Records from a dataset:
******

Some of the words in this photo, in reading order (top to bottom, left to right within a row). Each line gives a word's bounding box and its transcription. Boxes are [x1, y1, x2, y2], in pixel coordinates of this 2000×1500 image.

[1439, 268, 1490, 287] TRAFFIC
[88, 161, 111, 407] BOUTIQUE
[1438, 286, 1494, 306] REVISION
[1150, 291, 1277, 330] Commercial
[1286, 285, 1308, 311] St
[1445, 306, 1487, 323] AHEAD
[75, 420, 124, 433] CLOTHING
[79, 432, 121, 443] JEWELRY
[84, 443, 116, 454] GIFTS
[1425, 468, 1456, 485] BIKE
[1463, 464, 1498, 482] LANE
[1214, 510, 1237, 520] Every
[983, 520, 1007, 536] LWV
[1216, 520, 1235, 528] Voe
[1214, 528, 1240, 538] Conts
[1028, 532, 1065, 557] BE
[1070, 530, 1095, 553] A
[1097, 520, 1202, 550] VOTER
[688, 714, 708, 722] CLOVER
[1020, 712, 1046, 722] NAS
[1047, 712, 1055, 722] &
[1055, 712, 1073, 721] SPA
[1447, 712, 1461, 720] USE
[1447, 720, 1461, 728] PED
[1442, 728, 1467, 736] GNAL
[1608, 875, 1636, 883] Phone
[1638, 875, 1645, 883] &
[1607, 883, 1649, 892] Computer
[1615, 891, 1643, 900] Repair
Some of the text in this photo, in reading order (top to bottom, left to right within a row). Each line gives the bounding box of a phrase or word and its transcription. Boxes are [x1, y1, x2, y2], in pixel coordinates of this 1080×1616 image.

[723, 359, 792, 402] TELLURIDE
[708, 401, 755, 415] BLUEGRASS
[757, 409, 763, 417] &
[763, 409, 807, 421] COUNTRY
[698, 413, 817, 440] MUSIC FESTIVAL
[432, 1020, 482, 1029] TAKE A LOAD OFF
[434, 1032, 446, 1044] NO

******

**EXERCISE PROMPT:** Give back the data above exactly as it appears.

**RESULT:**
Some of the words in this photo, in reading order (top to bottom, left to right within a row). Each line gives a word's bounding box and its transcription. Boxes are [x1, y1, x2, y2], in pixel coordinates of this 2000×1500 image.

[1439, 268, 1490, 287] TRAFFIC
[88, 161, 111, 407] BOUTIQUE
[1438, 286, 1494, 306] REVISION
[1150, 291, 1277, 330] Commercial
[1286, 285, 1308, 311] St
[1445, 306, 1487, 323] AHEAD
[75, 420, 124, 433] CLOTHING
[79, 432, 121, 443] JEWELRY
[84, 443, 116, 454] GIFTS
[1425, 468, 1456, 485] BIKE
[1463, 464, 1498, 482] LANE
[1214, 510, 1237, 520] Every
[983, 520, 1007, 536] LWV
[1216, 520, 1235, 528] Voe
[1214, 528, 1240, 538] Conts
[1028, 532, 1065, 557] BE
[1070, 530, 1095, 553] A
[1097, 520, 1202, 550] VOTER
[688, 714, 708, 722] CLOVER
[1020, 712, 1046, 722] NAS
[1047, 712, 1055, 722] &
[1055, 712, 1073, 721] SPA
[1447, 712, 1461, 720] USE
[1447, 720, 1461, 728] PED
[1442, 728, 1467, 736] GNAL
[1608, 875, 1636, 883] Phone
[1638, 875, 1645, 883] &
[1607, 883, 1649, 892] Computer
[1615, 891, 1643, 900] Repair
Some of the text in this photo, in reading order (top to bottom, left to right within a row). Each line gives the bounding box of a phrase or word and its transcription. Boxes are [x1, y1, x2, y2], in pixel coordinates of this 1080×1616 image.

[723, 359, 792, 402] TELLURIDE
[708, 401, 755, 415] BLUEGRASS
[757, 409, 763, 417] &
[763, 409, 807, 421] COUNTRY
[698, 413, 817, 440] MUSIC FESTIVAL
[432, 1020, 482, 1029] TAKE A LOAD OFF
[434, 1032, 446, 1044] NO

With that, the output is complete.